The release of the book Prisoner of the State: The Secret Journal of Premier Zhao Ziyang is big news for anyone interested in China. Zhao died in 2005, which makes this book a real surprise. If you don't know who was Zhao Ziyang, then caste your mind back (if you're old enough!) to the Tiananmen Square nastiness twenty years ago. Zhao was the reformist Chinese leader who went to the students on May 20th to appeal to them to disperse. By that stage he knew he was about to be purged by hardliners, and it was his last ditch effort to avoid what was to come. He was forced to remain in office to bear the shame of the brutal crackdown, then he resigned and Jiang Zemin took over. He was never forgiven by the party, and died while still under house arrest.
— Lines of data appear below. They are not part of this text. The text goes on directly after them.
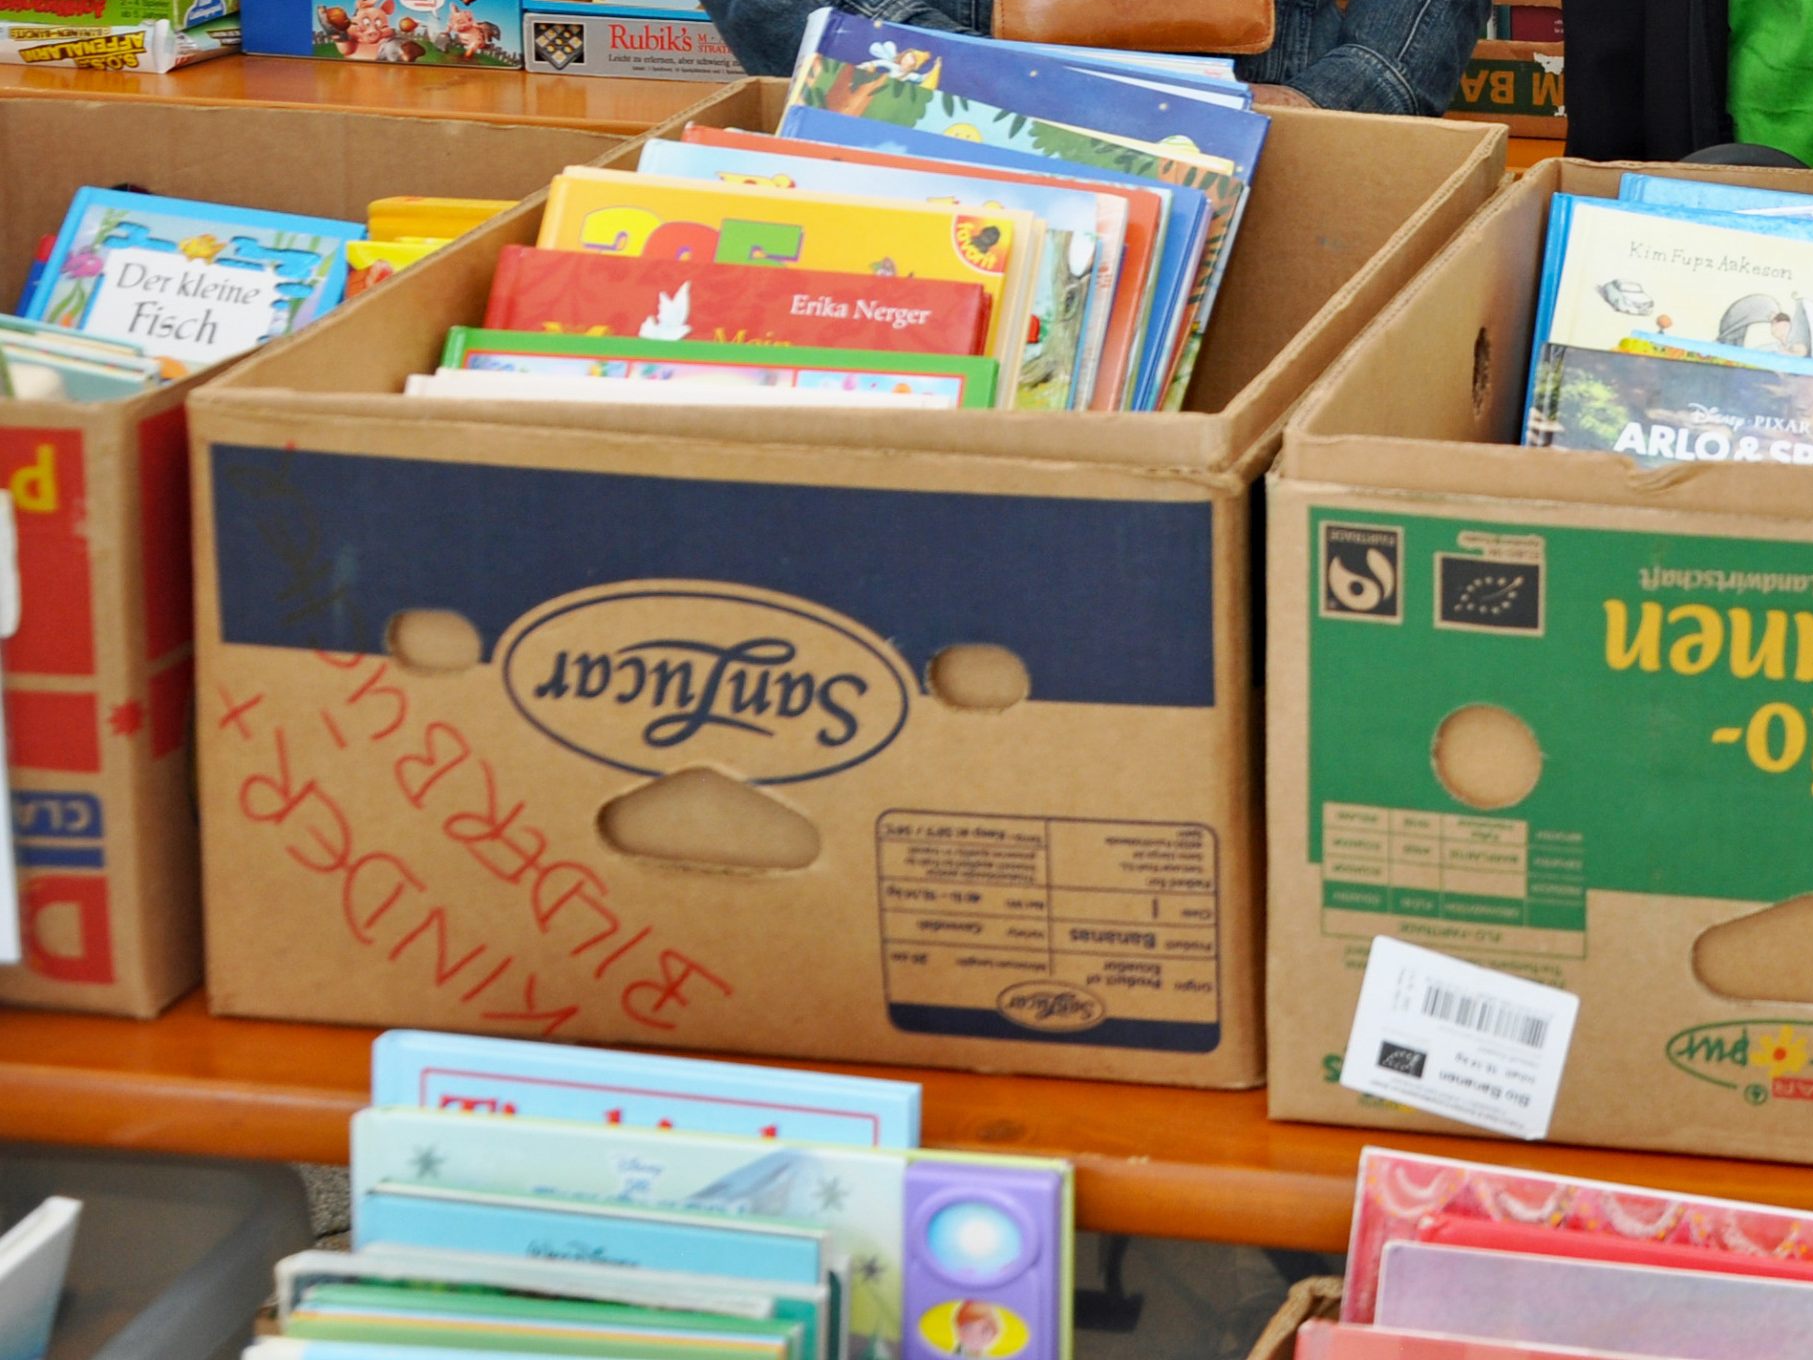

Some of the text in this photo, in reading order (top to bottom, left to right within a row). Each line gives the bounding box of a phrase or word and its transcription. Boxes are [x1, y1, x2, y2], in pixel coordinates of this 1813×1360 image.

[19, 31, 146, 63] AFFENALARM
[608, 24, 693, 52] Rubik's
[609, 54, 631, 62] Leicht
[1629, 241, 1793, 281] Kim Fupz Aakeson
[116, 260, 262, 307] Der kleine
[126, 300, 221, 346] Fisch
[790, 293, 932, 329] Erika Nerger
[1688, 403, 1812, 436] Disney PIXAR
[1613, 422, 1731, 461] ARLO
[1734, 436, 1763, 462] &
[1328, 530, 1395, 546] FAIRTRADE
[532, 638, 868, 748] SanLucar
[239, 727, 578, 1033] KINDER
[1069, 928, 1156, 949] Bananas
[1102, 961, 1161, 976] Ecuador
[1106, 975, 1162, 990] Product
[1675, 1028, 1750, 1067] pur
[1438, 1070, 1502, 1099] Bananen
[1505, 1089, 1530, 1108] Bio
The book itself represents a serious challenge to the official party line, based on Zhao's memoirs secretly recorded on tape, and it will add further weight to calls for an official re-evaluation of the events of June 4th 1989.
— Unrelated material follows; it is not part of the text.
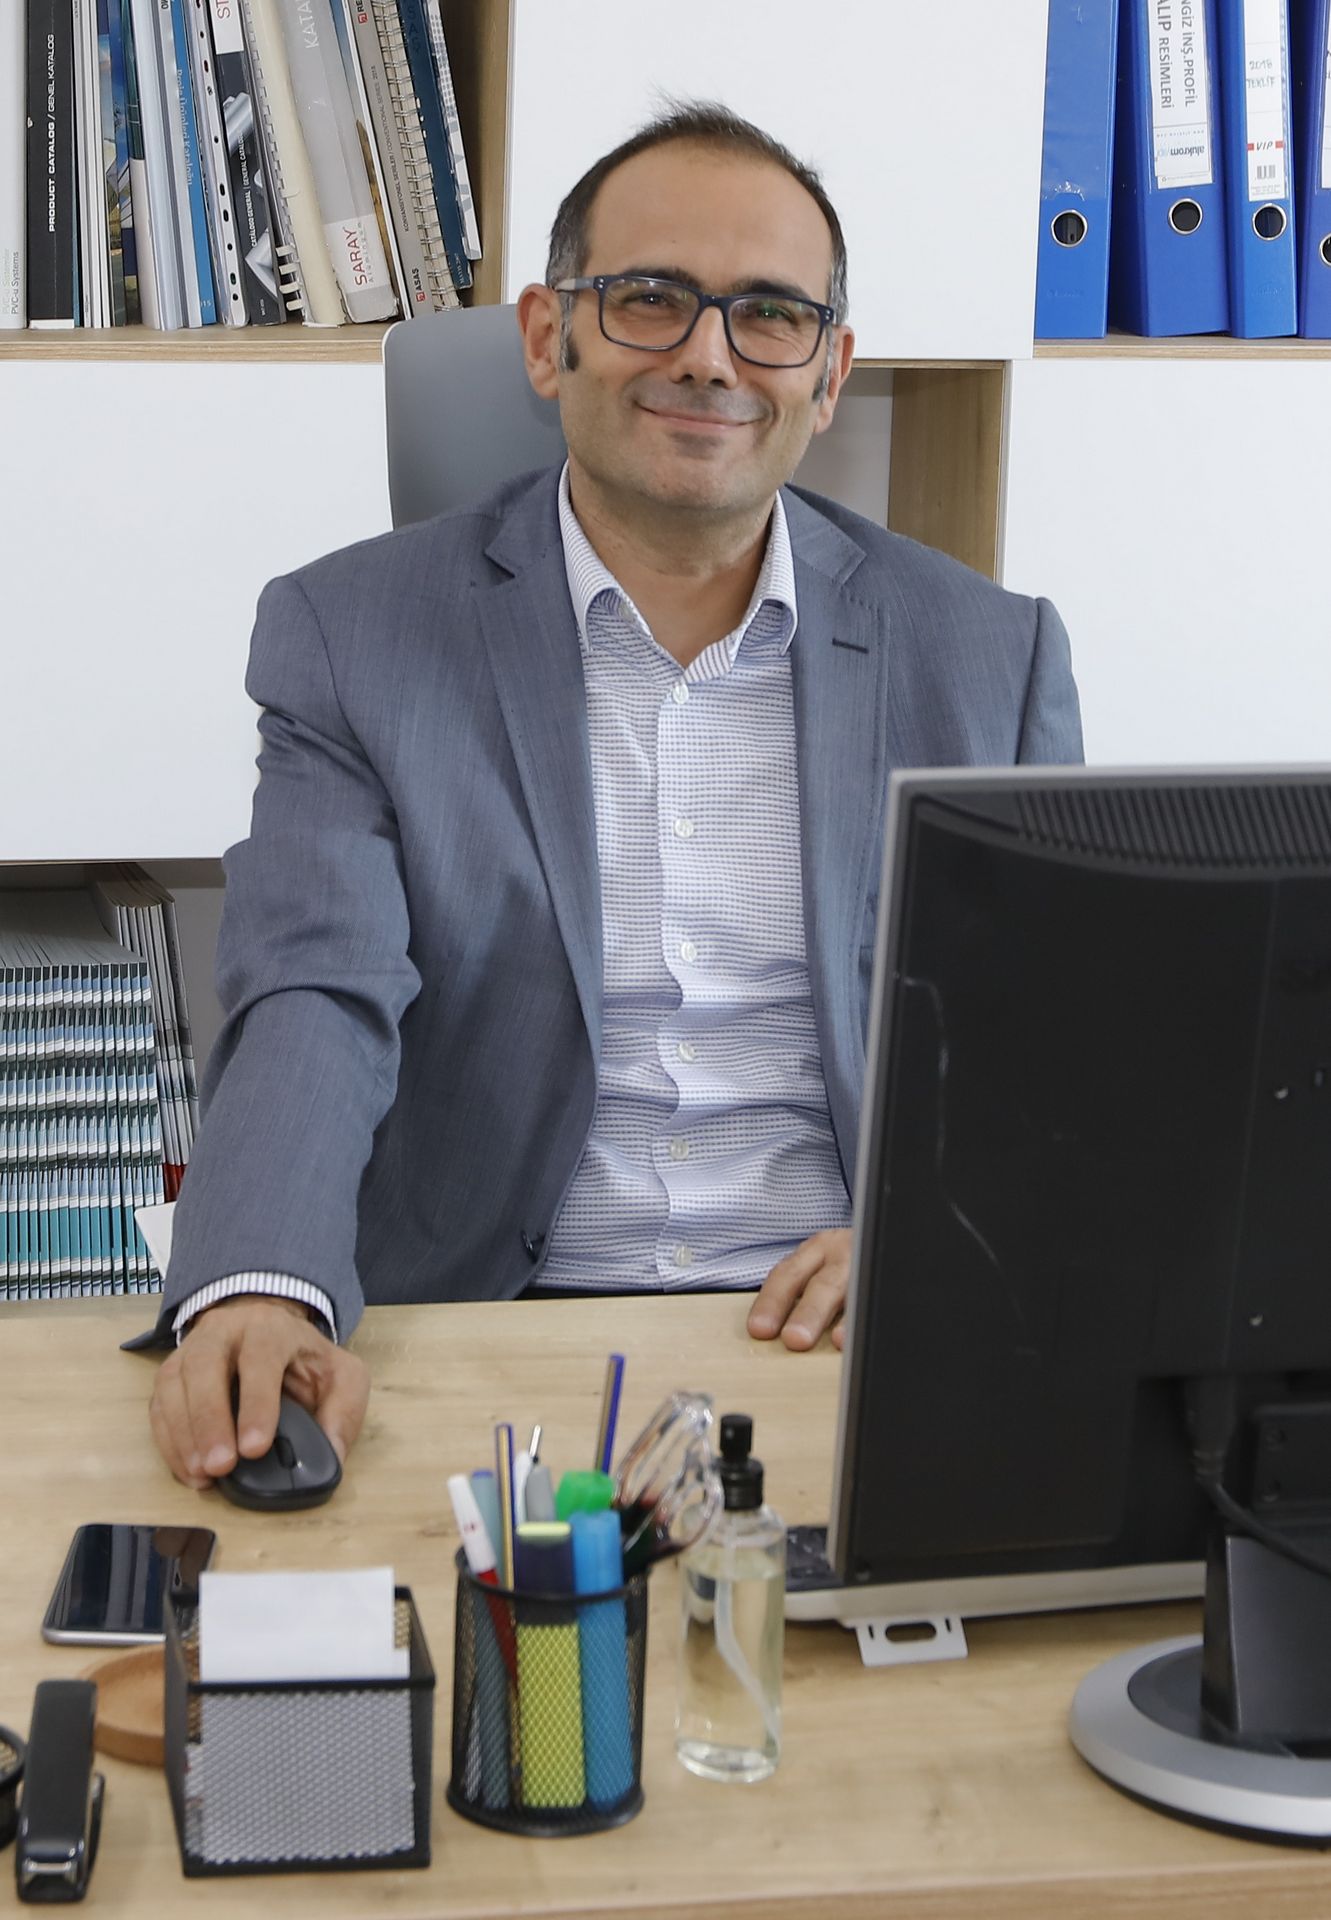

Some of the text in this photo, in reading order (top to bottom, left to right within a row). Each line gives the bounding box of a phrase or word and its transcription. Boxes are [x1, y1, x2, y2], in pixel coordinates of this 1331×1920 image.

[Update] I did a little digging and found the official party version of Zhao Ziyang's role in 1989 given as part of his obituary in 2005:

In the political turbulence which took place in the late spring and early summer of 1989, Comrade Zhao committed serious mistakes.
I found a newer story about this with some quotes, including this one:
"It would be wrong if our party never makes the transition from a state that was suitable in a time of war to a state more suitable to a democratic society," he wrote.
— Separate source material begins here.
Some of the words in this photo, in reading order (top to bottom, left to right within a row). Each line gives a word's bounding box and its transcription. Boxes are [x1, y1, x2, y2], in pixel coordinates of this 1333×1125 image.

This is basically a reiteration of an ancient Chinese maxim first voiced by an adviser to Liu Bang after he had emerged victorious from civil war and founded the Han Dynasty c200BC. Liu Bang said
"all that I have, I won on horseback!" to which the adviser replied, "you can conquer a country from horseback, but you can't rule it from horseback."
I look forward to getting hold of the Chinese version of it, because I won't be at all surprised to find that Zhao Ziyang was in fact quoting this historical example and the translator thought it needed to be spelled out for the English speaking audience.